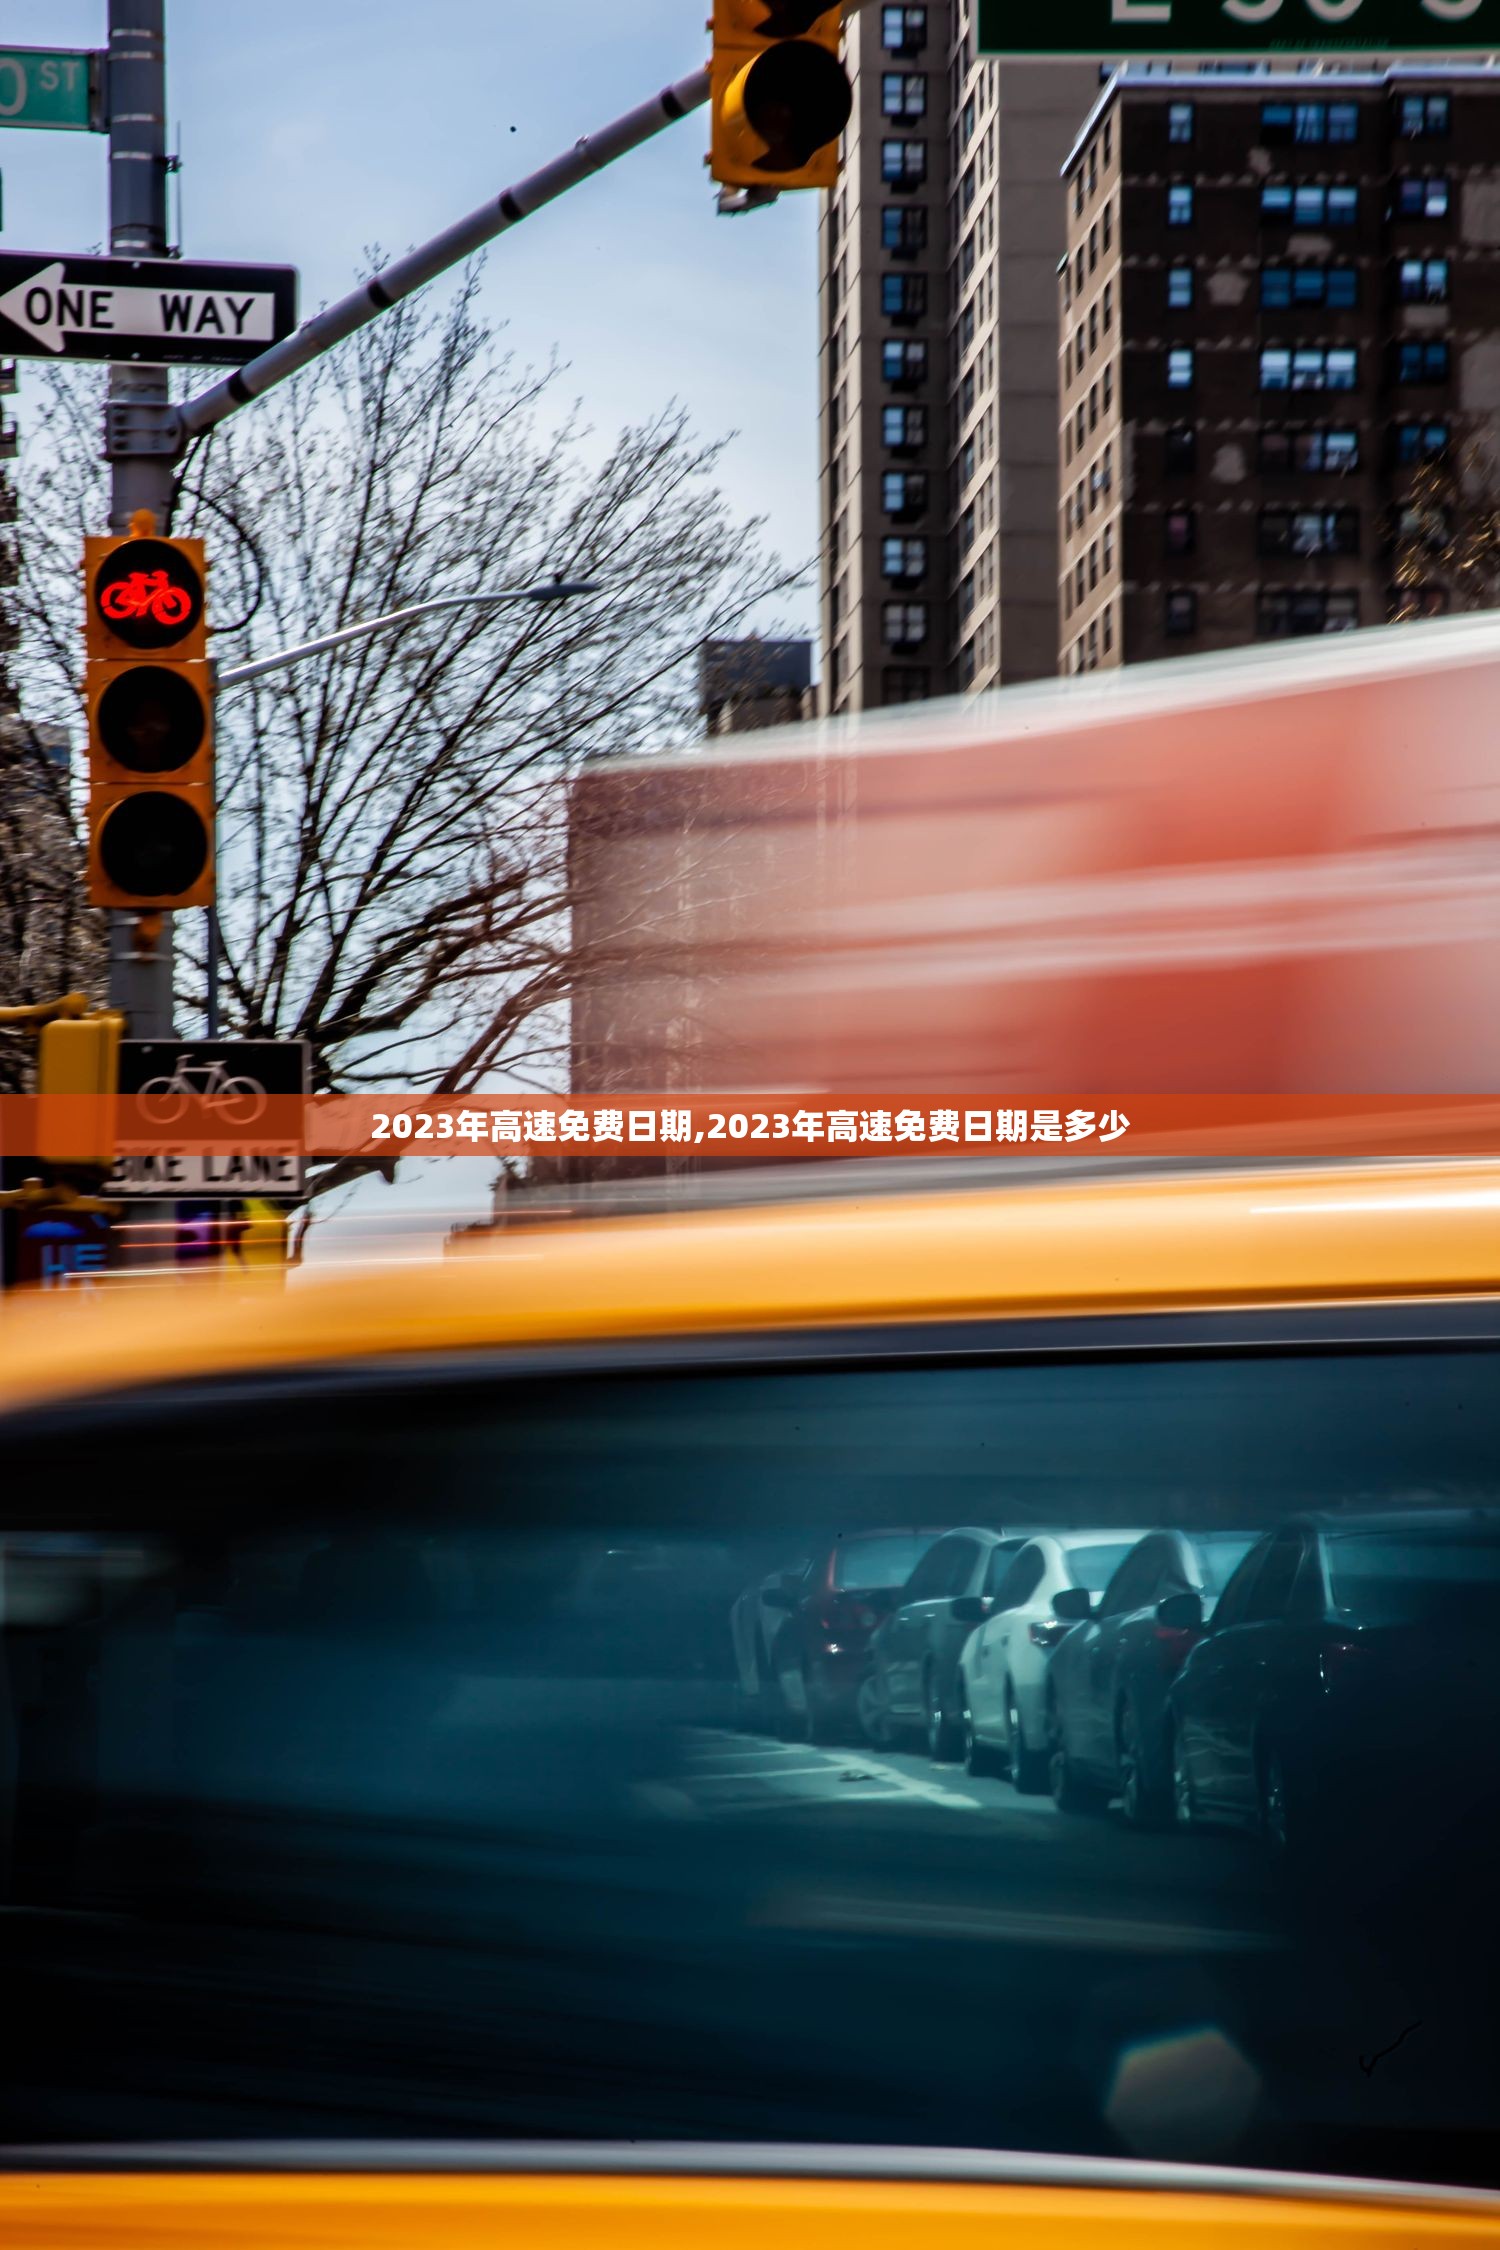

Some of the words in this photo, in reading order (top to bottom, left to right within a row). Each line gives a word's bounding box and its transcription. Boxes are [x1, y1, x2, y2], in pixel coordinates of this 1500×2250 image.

[40, 60, 81, 92] ST
[24, 287, 114, 329] ONE
[160, 294, 256, 335] WAY
[111, 1147, 188, 1182] BIKE
[202, 1147, 298, 1182] LANE

- - -

For this exercise, transcribe the data above line by line, exactly, with pictures omitted.

**Task result**
Some of the words in this photo, in reading order (top to bottom, left to right within a row). Each line gives a word's bounding box and its transcription. Boxes are [x1, y1, x2, y2], in pixel coordinates of this 1500×2250 image.

[40, 60, 81, 92] ST
[24, 287, 114, 329] ONE
[160, 294, 256, 335] WAY
[111, 1147, 188, 1182] BIKE
[202, 1147, 298, 1182] LANE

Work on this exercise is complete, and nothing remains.